**Aim of the exercise:** Each entry needs to be repeated exactly, with nothing added or removed.

**Task data:**
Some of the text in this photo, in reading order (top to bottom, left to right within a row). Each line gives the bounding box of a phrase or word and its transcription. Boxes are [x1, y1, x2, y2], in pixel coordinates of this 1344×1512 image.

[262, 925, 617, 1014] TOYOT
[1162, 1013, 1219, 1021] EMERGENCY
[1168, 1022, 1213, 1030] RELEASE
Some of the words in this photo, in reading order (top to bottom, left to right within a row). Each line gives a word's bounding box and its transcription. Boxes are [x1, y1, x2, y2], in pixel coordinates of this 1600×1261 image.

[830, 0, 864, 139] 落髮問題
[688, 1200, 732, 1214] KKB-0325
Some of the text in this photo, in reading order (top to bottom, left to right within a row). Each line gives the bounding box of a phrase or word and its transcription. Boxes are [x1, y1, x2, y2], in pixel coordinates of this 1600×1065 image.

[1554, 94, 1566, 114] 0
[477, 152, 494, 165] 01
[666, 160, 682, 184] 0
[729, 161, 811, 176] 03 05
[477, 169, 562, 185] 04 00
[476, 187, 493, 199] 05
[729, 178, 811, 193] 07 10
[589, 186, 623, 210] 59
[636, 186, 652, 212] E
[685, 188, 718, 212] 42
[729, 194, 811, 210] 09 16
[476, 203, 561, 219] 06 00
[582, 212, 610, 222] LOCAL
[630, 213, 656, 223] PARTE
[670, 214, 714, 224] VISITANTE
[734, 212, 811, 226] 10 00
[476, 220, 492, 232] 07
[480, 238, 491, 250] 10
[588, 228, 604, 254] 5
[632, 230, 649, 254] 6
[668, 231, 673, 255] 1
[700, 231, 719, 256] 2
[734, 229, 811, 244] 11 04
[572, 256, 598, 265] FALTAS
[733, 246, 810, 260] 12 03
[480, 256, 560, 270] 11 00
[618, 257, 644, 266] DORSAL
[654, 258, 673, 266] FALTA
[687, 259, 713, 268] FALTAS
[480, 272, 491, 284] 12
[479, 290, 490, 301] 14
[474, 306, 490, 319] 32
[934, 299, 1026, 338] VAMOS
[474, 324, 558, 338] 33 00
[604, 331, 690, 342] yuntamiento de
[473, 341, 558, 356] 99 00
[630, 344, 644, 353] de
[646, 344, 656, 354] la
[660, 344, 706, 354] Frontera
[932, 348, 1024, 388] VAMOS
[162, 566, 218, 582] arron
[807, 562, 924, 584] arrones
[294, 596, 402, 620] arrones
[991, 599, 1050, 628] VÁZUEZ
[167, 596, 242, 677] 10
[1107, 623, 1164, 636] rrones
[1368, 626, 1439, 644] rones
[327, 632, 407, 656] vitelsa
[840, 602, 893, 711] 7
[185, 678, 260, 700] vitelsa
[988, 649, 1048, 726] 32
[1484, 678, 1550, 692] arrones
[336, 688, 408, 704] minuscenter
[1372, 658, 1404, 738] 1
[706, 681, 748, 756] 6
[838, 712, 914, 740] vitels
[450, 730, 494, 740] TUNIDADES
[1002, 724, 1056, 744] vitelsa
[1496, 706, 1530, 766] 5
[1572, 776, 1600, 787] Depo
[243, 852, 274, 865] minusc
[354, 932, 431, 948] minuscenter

**Output for this task:**
Some of the text in this photo, in reading order (top to bottom, left to right within a row). Each line gives the bounding box of a phrase or word and its transcription. Boxes are [x1, y1, x2, y2], in pixel coordinates of this 1344×1512 image.

[262, 925, 617, 1014] TOYOT
[1162, 1013, 1219, 1021] EMERGENCY
[1168, 1022, 1213, 1030] RELEASE
Some of the words in this photo, in reading order (top to bottom, left to right within a row). Each line gives a word's bounding box and its transcription. Boxes are [x1, y1, x2, y2], in pixel coordinates of this 1600×1261 image.

[830, 0, 864, 139] 落髮問題
[688, 1200, 732, 1214] KKB-0325
Some of the text in this photo, in reading order (top to bottom, left to right within a row). Each line gives the bounding box of a phrase or word and its transcription. Boxes are [x1, y1, x2, y2], in pixel coordinates of this 1600×1065 image.

[1554, 94, 1566, 114] 0
[477, 152, 494, 165] 01
[666, 160, 682, 184] 0
[729, 161, 811, 176] 03 05
[477, 169, 562, 185] 04 00
[476, 187, 493, 199] 05
[729, 178, 811, 193] 07 10
[589, 186, 623, 210] 59
[636, 186, 652, 212] E
[685, 188, 718, 212] 42
[729, 194, 811, 210] 09 16
[476, 203, 561, 219] 06 00
[582, 212, 610, 222] LOCAL
[630, 213, 656, 223] PARTE
[670, 214, 714, 224] VISITANTE
[734, 212, 811, 226] 10 00
[476, 220, 492, 232] 07
[480, 238, 491, 250] 10
[588, 228, 604, 254] 5
[632, 230, 649, 254] 6
[668, 231, 673, 255] 1
[700, 231, 719, 256] 2
[734, 229, 811, 244] 11 04
[572, 256, 598, 265] FALTAS
[733, 246, 810, 260] 12 03
[480, 256, 560, 270] 11 00
[618, 257, 644, 266] DORSAL
[654, 258, 673, 266] FALTA
[687, 259, 713, 268] FALTAS
[480, 272, 491, 284] 12
[479, 290, 490, 301] 14
[474, 306, 490, 319] 32
[934, 299, 1026, 338] VAMOS
[474, 324, 558, 338] 33 00
[604, 331, 690, 342] yuntamiento de
[473, 341, 558, 356] 99 00
[630, 344, 644, 353] de
[646, 344, 656, 354] la
[660, 344, 706, 354] Frontera
[932, 348, 1024, 388] VAMOS
[162, 566, 218, 582] arron
[807, 562, 924, 584] arrones
[294, 596, 402, 620] arrones
[991, 599, 1050, 628] VÁZUEZ
[167, 596, 242, 677] 10
[1107, 623, 1164, 636] rrones
[1368, 626, 1439, 644] rones
[327, 632, 407, 656] vitelsa
[840, 602, 893, 711] 7
[185, 678, 260, 700] vitelsa
[988, 649, 1048, 726] 32
[1484, 678, 1550, 692] arrones
[336, 688, 408, 704] minuscenter
[1372, 658, 1404, 738] 1
[706, 681, 748, 756] 6
[838, 712, 914, 740] vitels
[450, 730, 494, 740] TUNIDADES
[1002, 724, 1056, 744] vitelsa
[1496, 706, 1530, 766] 5
[1572, 776, 1600, 787] Depo
[243, 852, 274, 865] minusc
[354, 932, 431, 948] minuscenter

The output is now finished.